YOUR OBJECTIVE
Return the following data exactly, with all pictures left out.

START EXCERPTED DATA

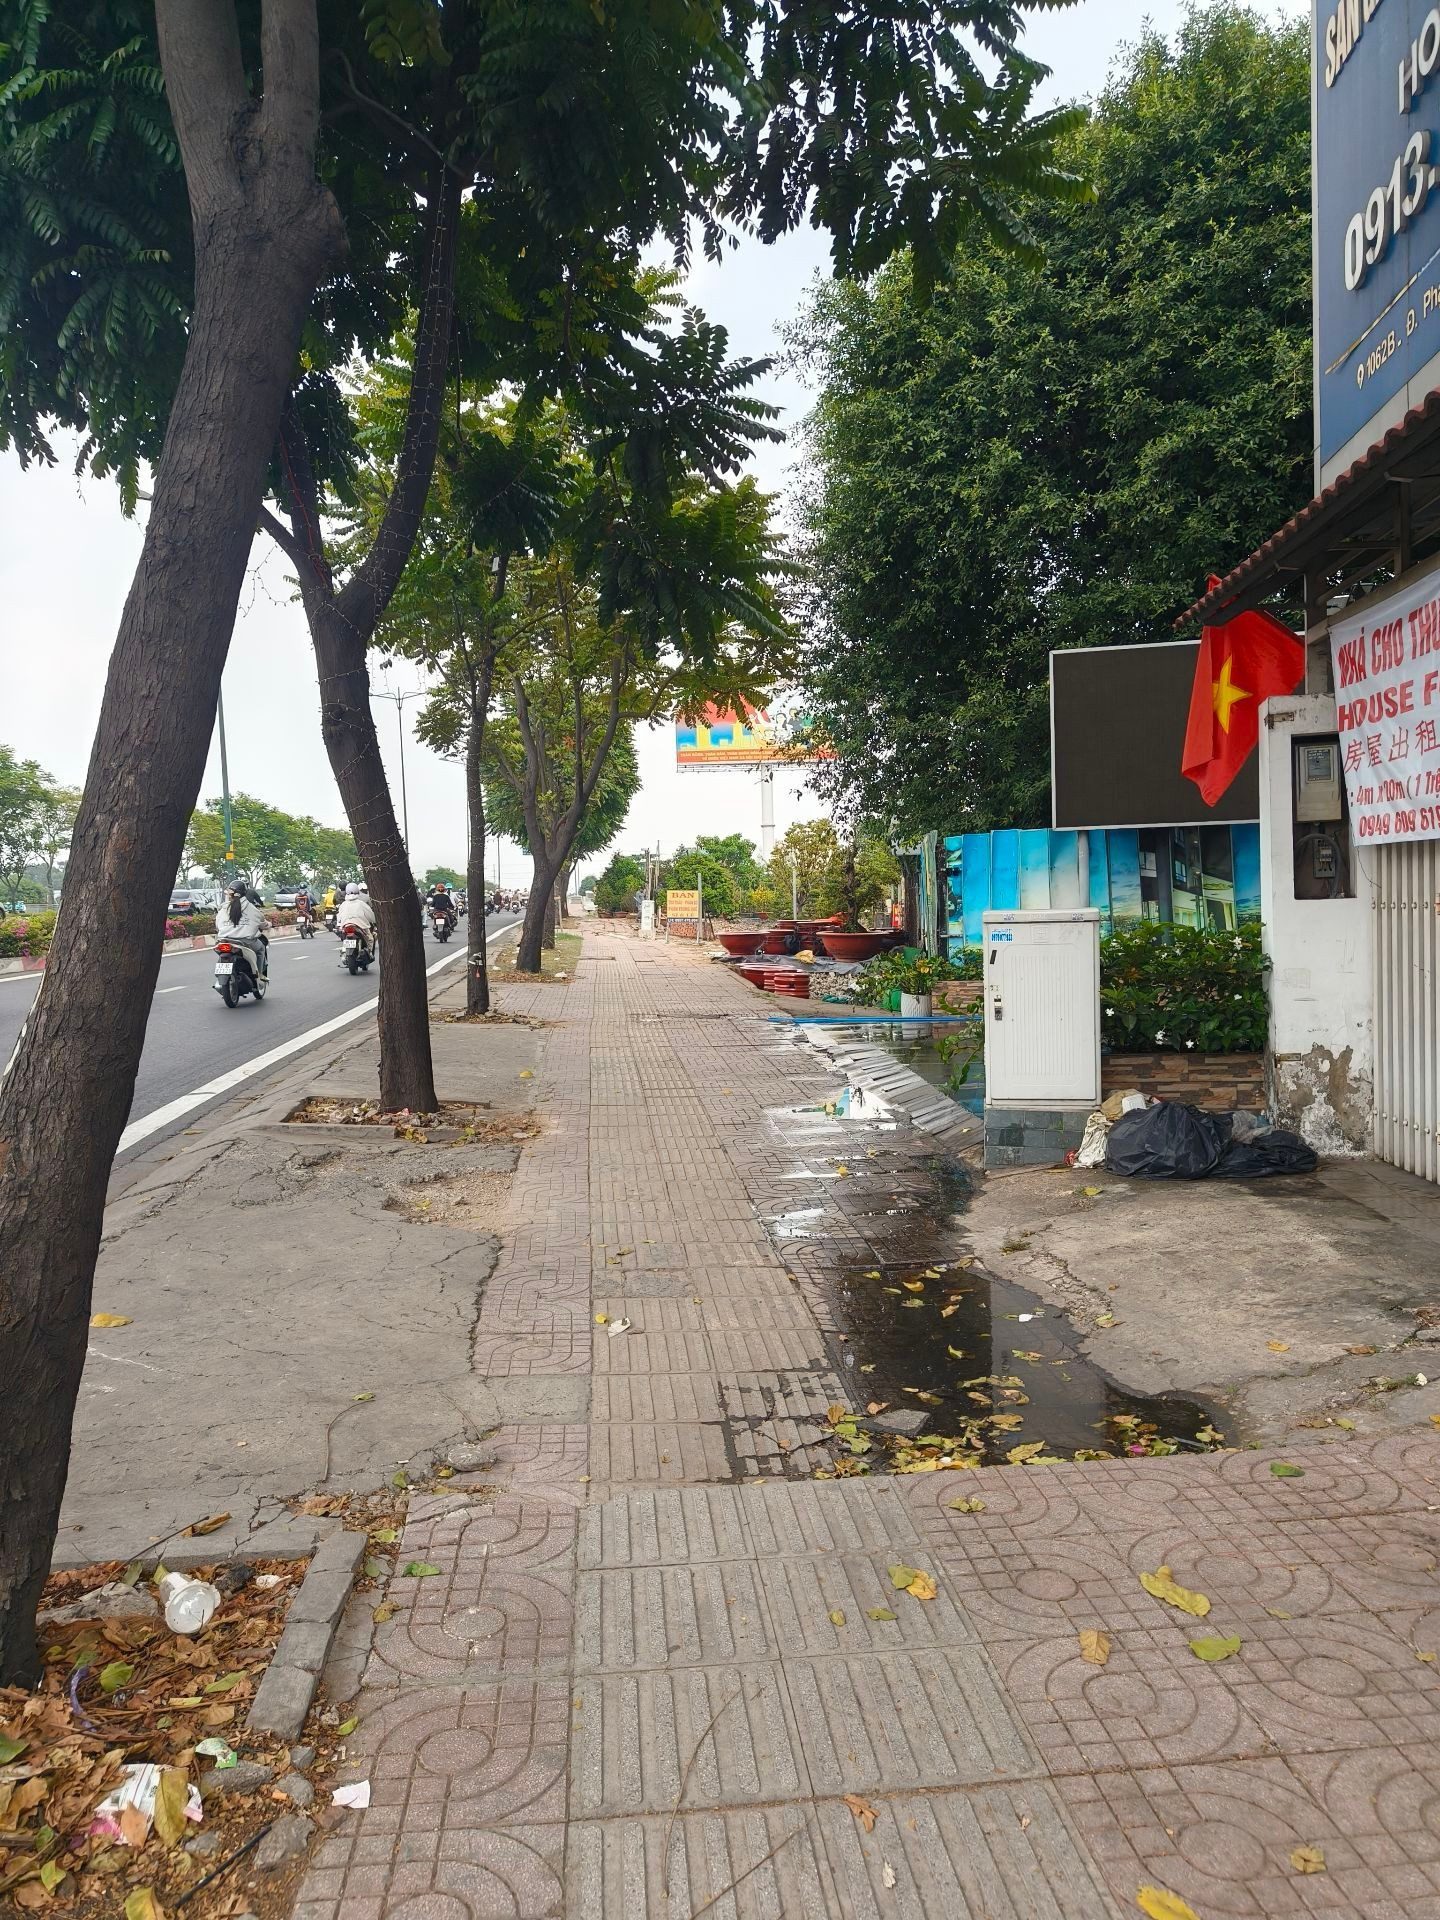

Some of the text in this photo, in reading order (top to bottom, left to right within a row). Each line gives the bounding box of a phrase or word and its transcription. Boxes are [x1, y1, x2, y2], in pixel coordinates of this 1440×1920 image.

[1371, 617, 1404, 676] CHO
[1338, 679, 1414, 733] HOUSE
[1344, 719, 1440, 774] 房屋出租
[1360, 813, 1391, 838] 0949

END EXCERPTED DATA

RESULT OF THE TASK
Some of the text in this photo, in reading order (top to bottom, left to right within a row). Each line gives the bounding box of a phrase or word and its transcription. Boxes are [x1, y1, x2, y2], in pixel coordinates of this 1440×1920 image.

[1371, 617, 1404, 676] CHO
[1338, 679, 1414, 733] HOUSE
[1344, 719, 1440, 774] 房屋出租
[1360, 813, 1391, 838] 0949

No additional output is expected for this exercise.